Your task: In your copy, leave out all pictures and reproduce every entry exactly.

(Task input)

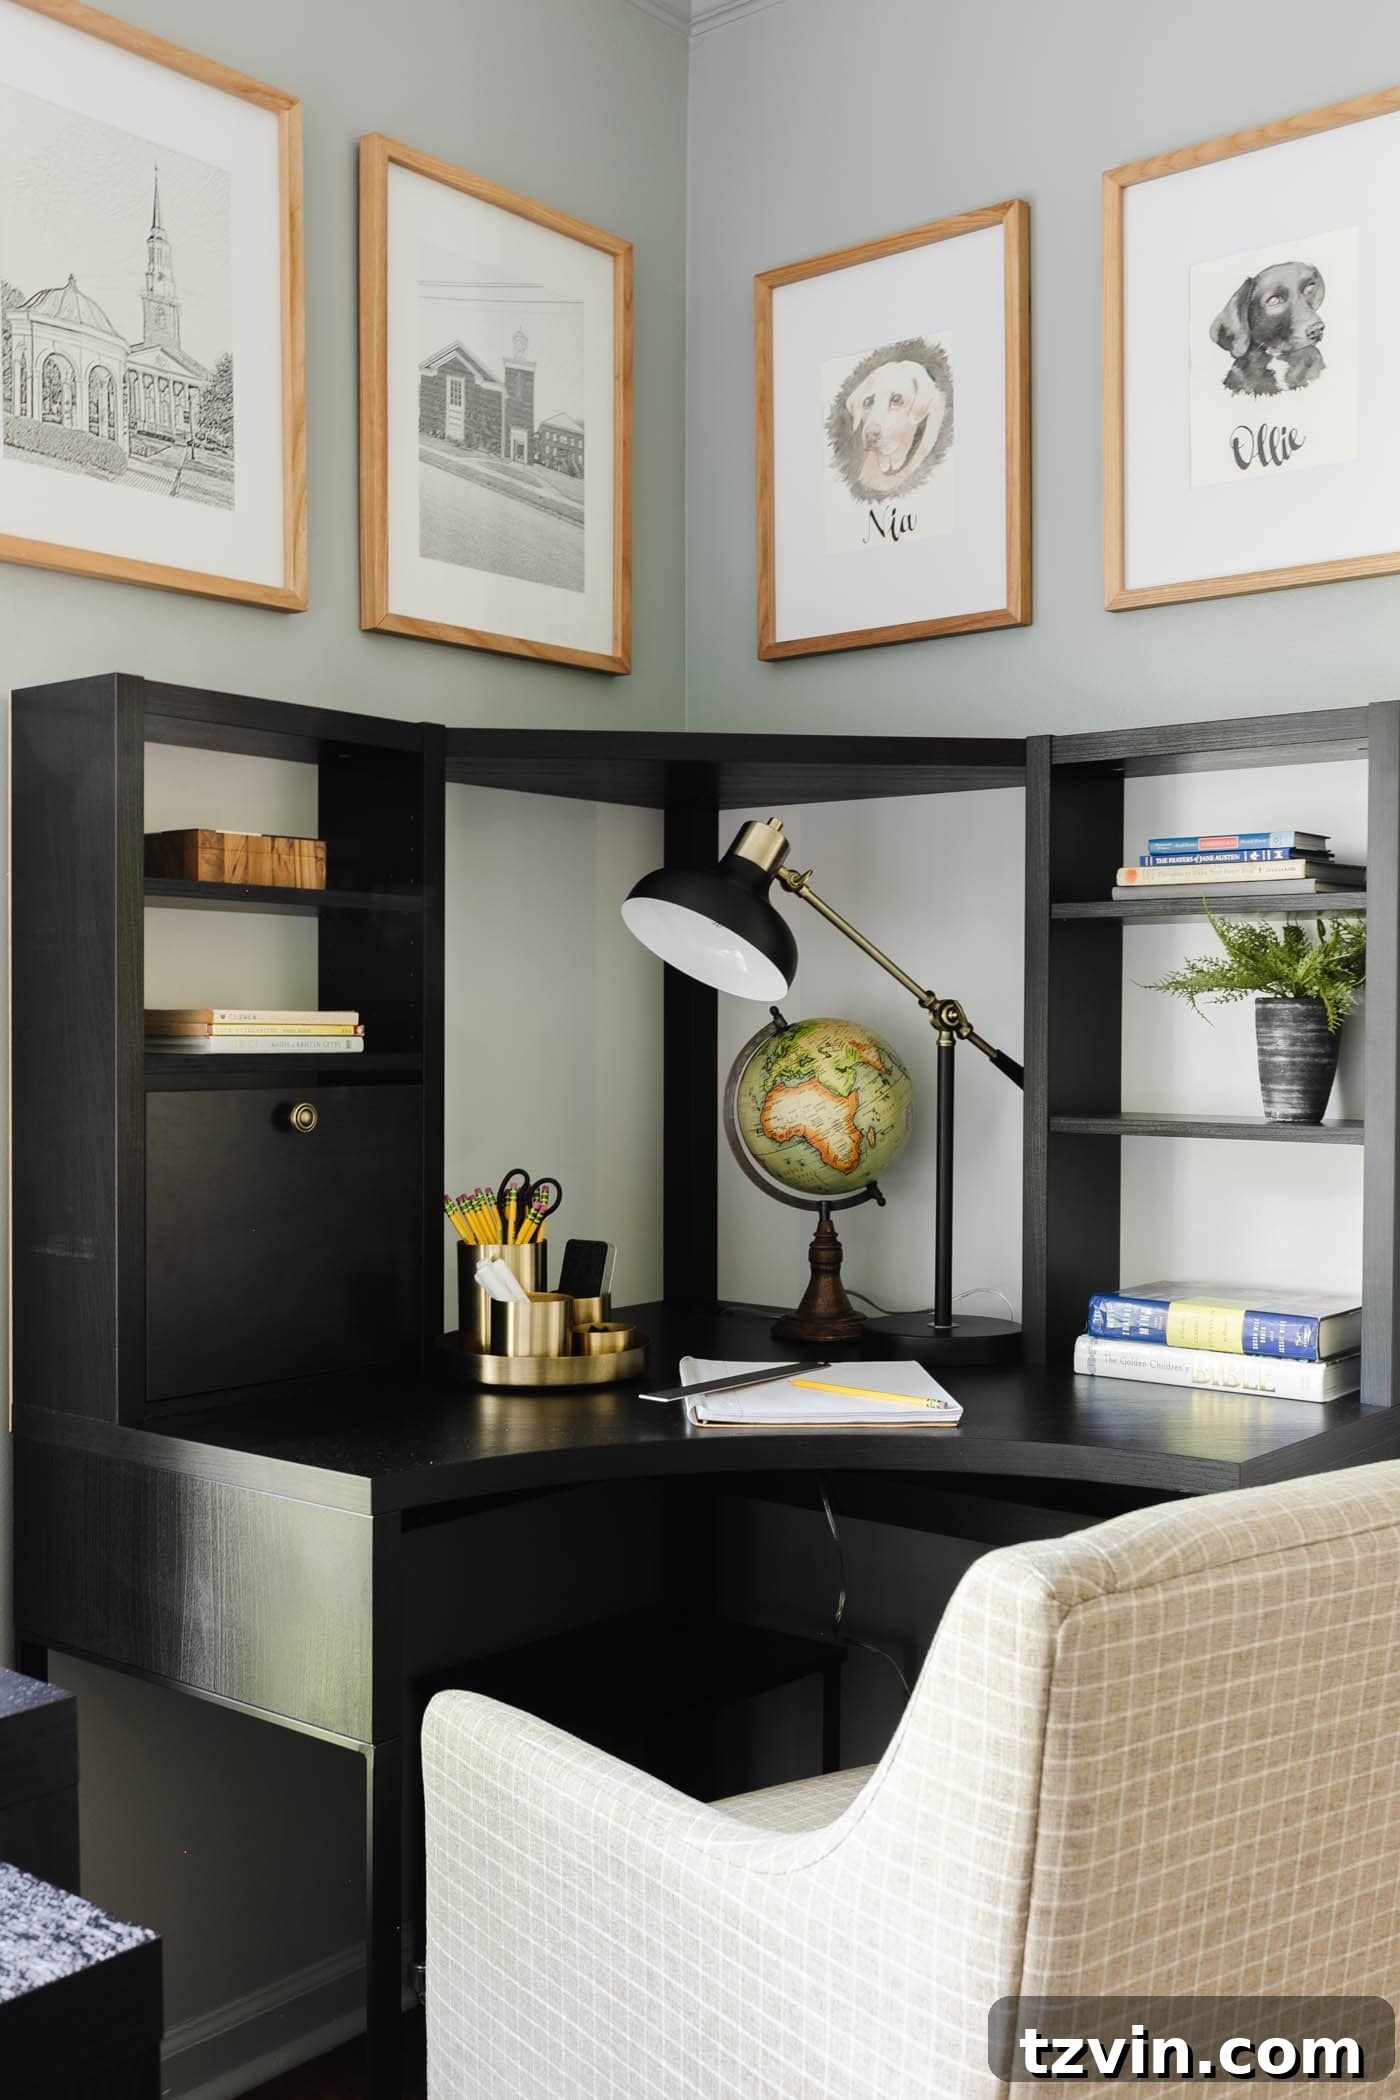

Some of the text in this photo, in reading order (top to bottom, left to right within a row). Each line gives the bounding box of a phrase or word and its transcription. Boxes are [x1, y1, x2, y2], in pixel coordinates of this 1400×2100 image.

[1230, 423, 1306, 470] Ollie
[862, 505, 918, 544] Nia
[1104, 1353, 1118, 1366] The
[1192, 1355, 1276, 1393] BIBLE
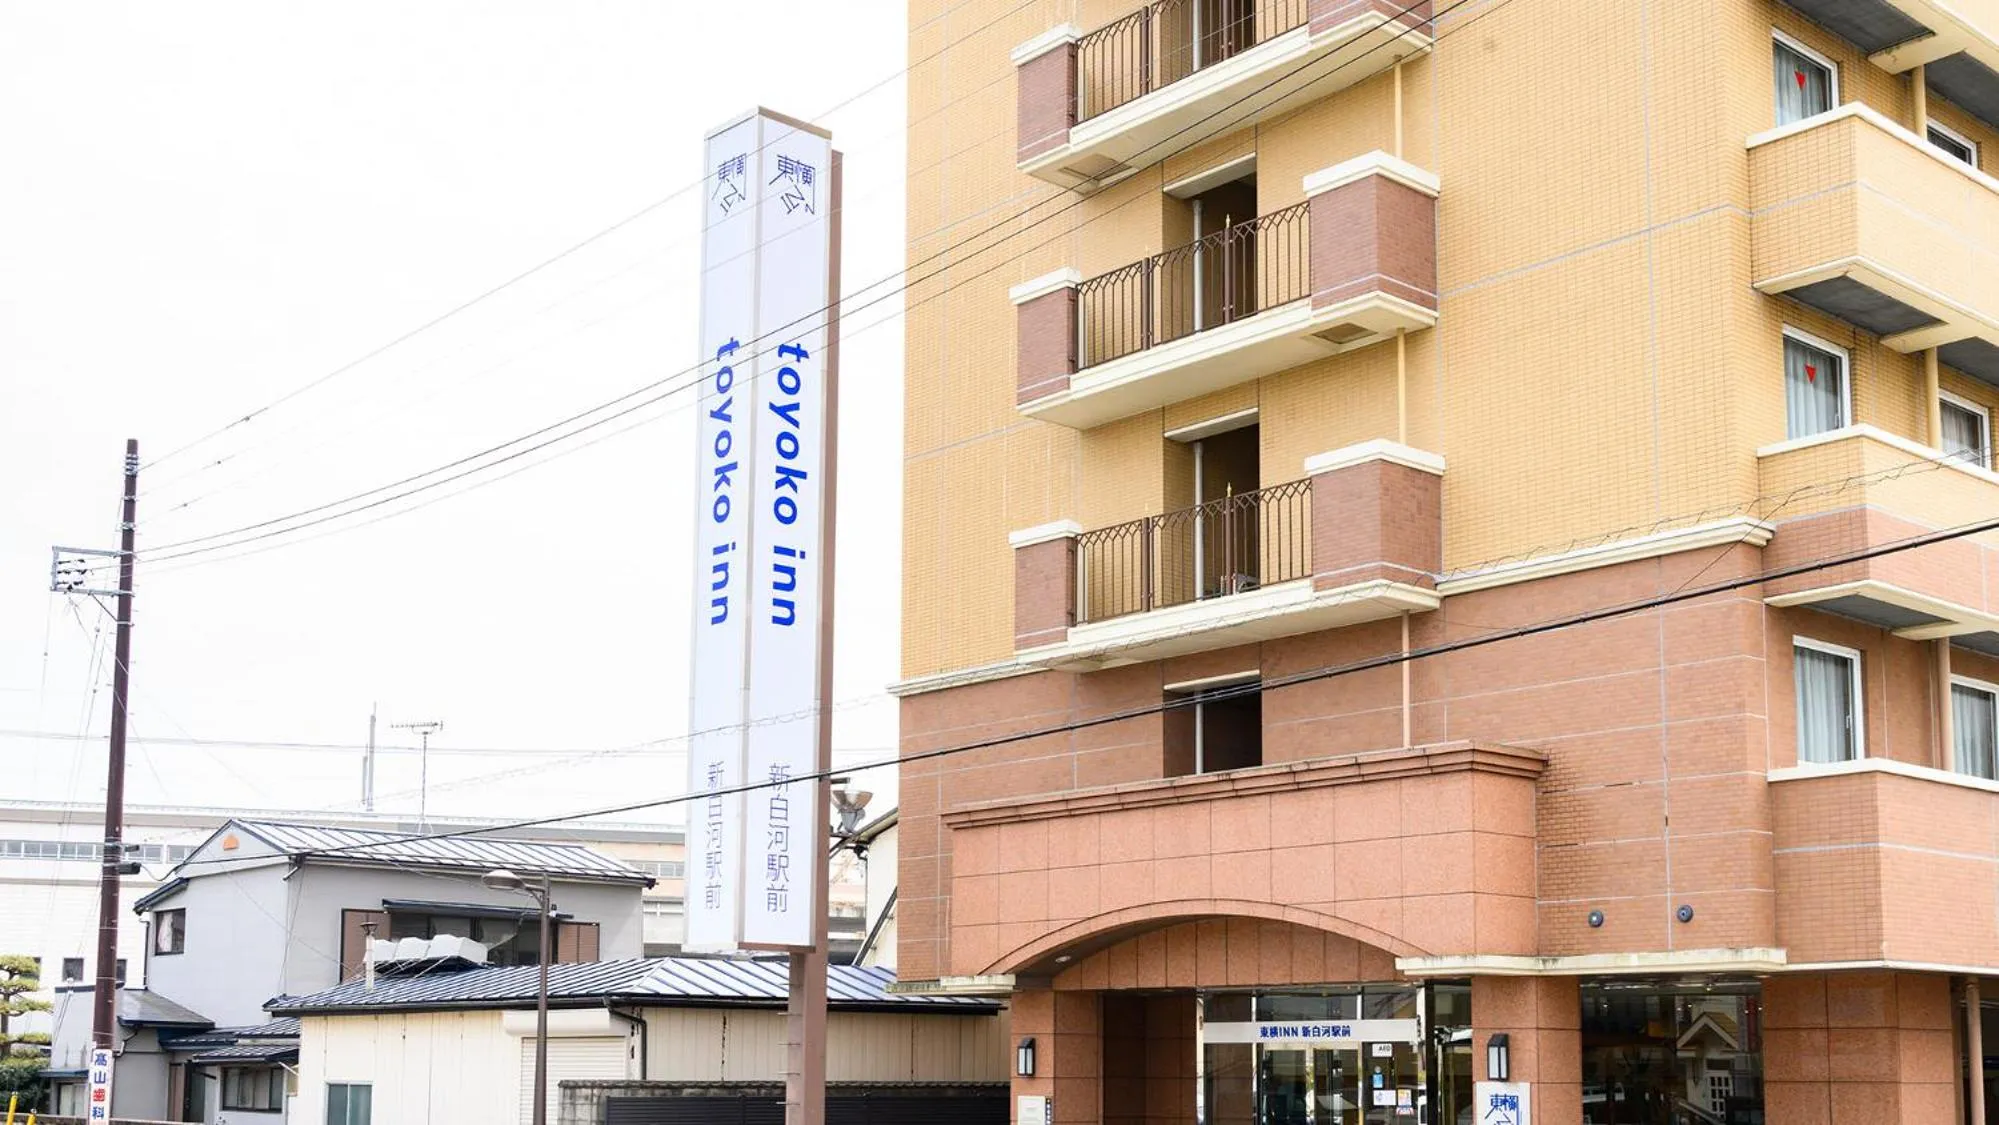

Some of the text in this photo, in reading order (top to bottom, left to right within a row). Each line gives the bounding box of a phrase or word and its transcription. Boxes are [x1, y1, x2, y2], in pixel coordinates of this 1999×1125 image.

[710, 337, 740, 625] toyoko inn
[769, 343, 809, 627] toyoko inn
[705, 761, 724, 910] 新白河駅前
[766, 763, 790, 913] 新白河駅前
[1260, 1025, 1351, 1038] 東横INN 新白河駅前

(End Task input)

Task response:
Some of the text in this photo, in reading order (top to bottom, left to right within a row). Each line gives the bounding box of a phrase or word and its transcription. Boxes are [x1, y1, x2, y2], in pixel coordinates of this 1400×2100 image.

[1230, 423, 1306, 470] Ollie
[862, 505, 918, 544] Nia
[1104, 1353, 1118, 1366] The
[1192, 1355, 1276, 1393] BIBLE

Some of the text in this photo, in reading order (top to bottom, left to right within a row). Each line gives the bounding box of a phrase or word and its transcription. Boxes are [x1, y1, x2, y2], in pixel coordinates of this 1999×1125 image.

[710, 337, 740, 625] toyoko inn
[769, 343, 809, 627] toyoko inn
[705, 761, 724, 910] 新白河駅前
[766, 763, 790, 913] 新白河駅前
[1260, 1025, 1351, 1038] 東横INN 新白河駅前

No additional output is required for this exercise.